There’s a particular kind of technological shift that’s almost impossible to explain to anyone who came after it. Not because it’s complicated, but because the world it changed has vanished so completely that the change itself becomes invisible.

I’ve been thinking about this since reading Seth Godin’s note on the Mac’s 42nd anniversary. He argues, correctly, that the famous 1984 Super Bowl ad wasn’t what saved Apple’s strange new computer. It was the people who made the Mac genuinely better: Guy Kawasaki building the developer ecosystem, Susan Kare designing the icons, the late great Bill Atkinson setting unreasonable standards for the interface. “Hype is a trap,” Seth writes. “Better is better.”

True. But there’s a chapter he left out. The chapter where “better” nearly failed because nobody could see what it was better for.

The original Mac shipped with 128 kilobytes of RAM, an amount so small that the entire operating system was smaller than a single JPEG file today. The bitmap screen seemed like an expensive gimmick. The mouse struck many as a toy. Sales surged on the strength of the initial fanfare, then collapsed when the hype faded and the specs proved inadequate.

What rescued the Mac was desktop publishing. The LaserWriter. PageMaker. And the seven letters that changed everything: WYSIWYG.

What You See Is What You Get.

If you grew up after this became standard, you cannot feel what those words meant. You’ve always lived in a world where you choose a font and the screen shows you that font. Where you adjust a margin and it appears, right there, exactly as it will print. You accept this the way you accept that taps produce water. It’s not a feature. It’s just how things are.
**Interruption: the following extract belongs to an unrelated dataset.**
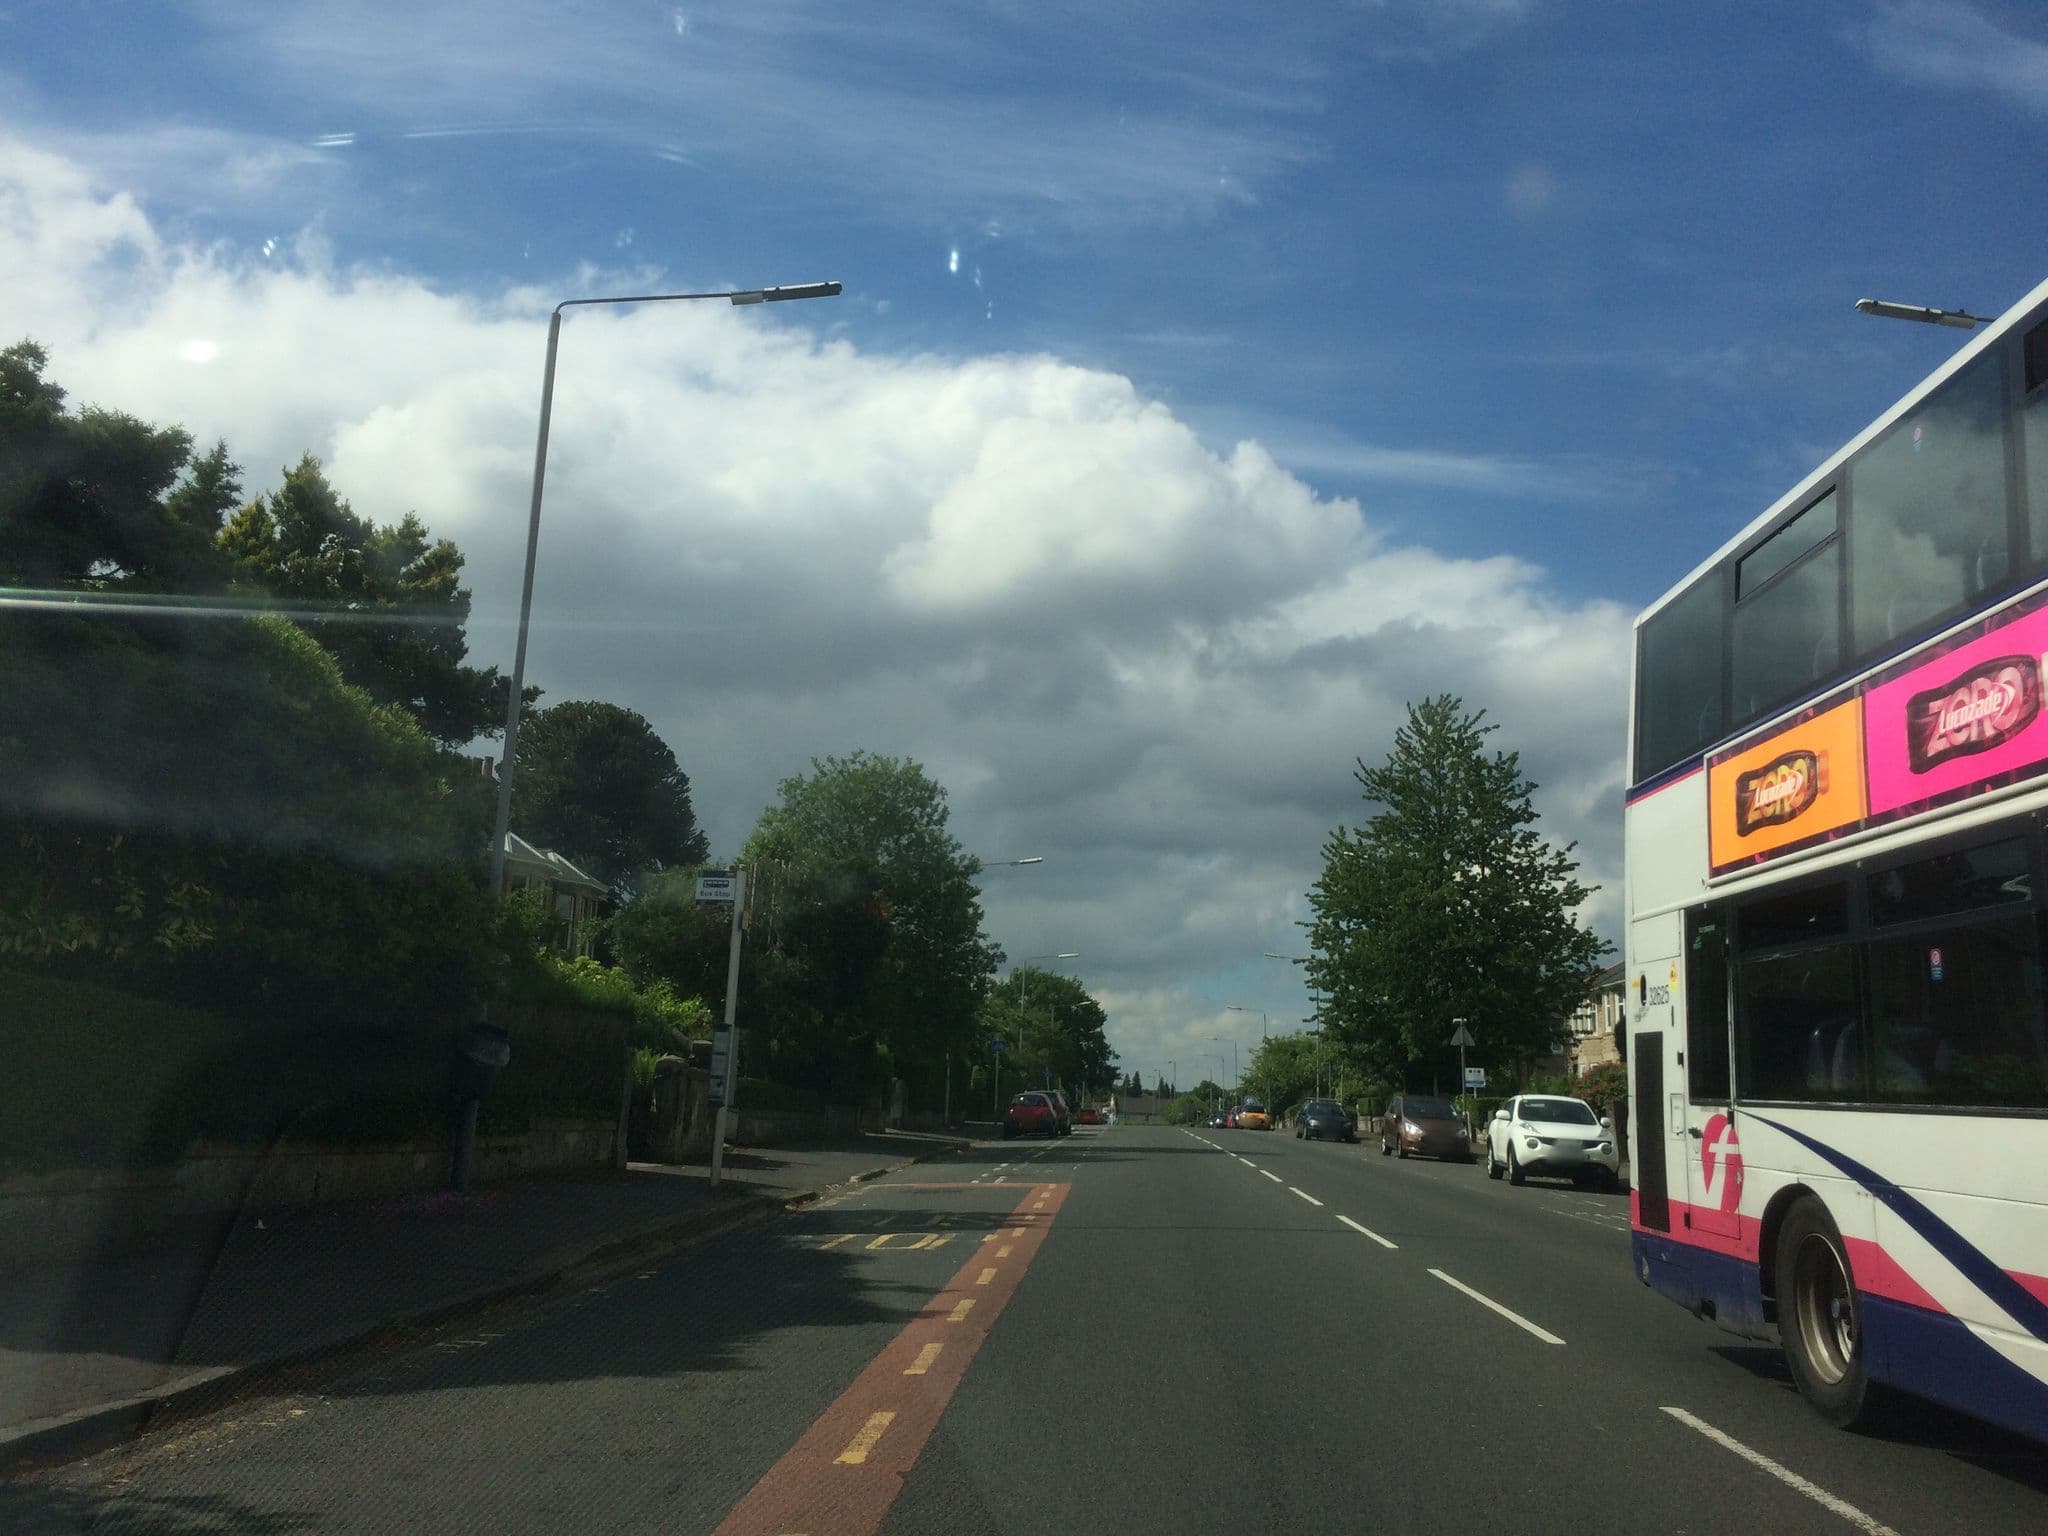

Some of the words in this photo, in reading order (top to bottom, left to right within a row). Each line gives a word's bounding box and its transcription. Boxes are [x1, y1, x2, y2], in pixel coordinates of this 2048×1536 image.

But in 1985, seeing your document on screen (truly seeing it, with the typefaces and the spacing and the layout rendered faithfully) was a kind of magic. Before WYSIWYG, you typed blind. You formatted with codes and commands, such as in Wordstar screen shown at top. You sent your work to the printer and discovered, only then, what you had actually made.

The Mac’s bitmap display, dismissed by serious computer people as a waste of processing power, turned out to be the foundation for something no other machine could offer. The mouse, mocked as unnecessary, turned out to be essential for dragging text and positioning images. The “underpowered” 128KB machine, when upgraded to 512KB (‘the Fat Mac’), turned out to be exactly powerful enough for the application that would justify its existence.

Desktop publishing didn’t just save the Mac. It revealed what the Mac had been all along: a machine designed around human perception rather than computational efficiency. User-centred design before hardly anyone called it that.

Seth is right that hype is a trap. But here’s the uncomfortable addition: “better” can be invisible until circumstances reveal it. The Mac was better from day one. It took desktop publishing (and the near-death experience that preceded it) for anyone to see it.

Every time you choose a font and trust that it will print faithfully, you’re living in the world that rescue created. You just don’t notice anymore. That’s how complete the revolution was.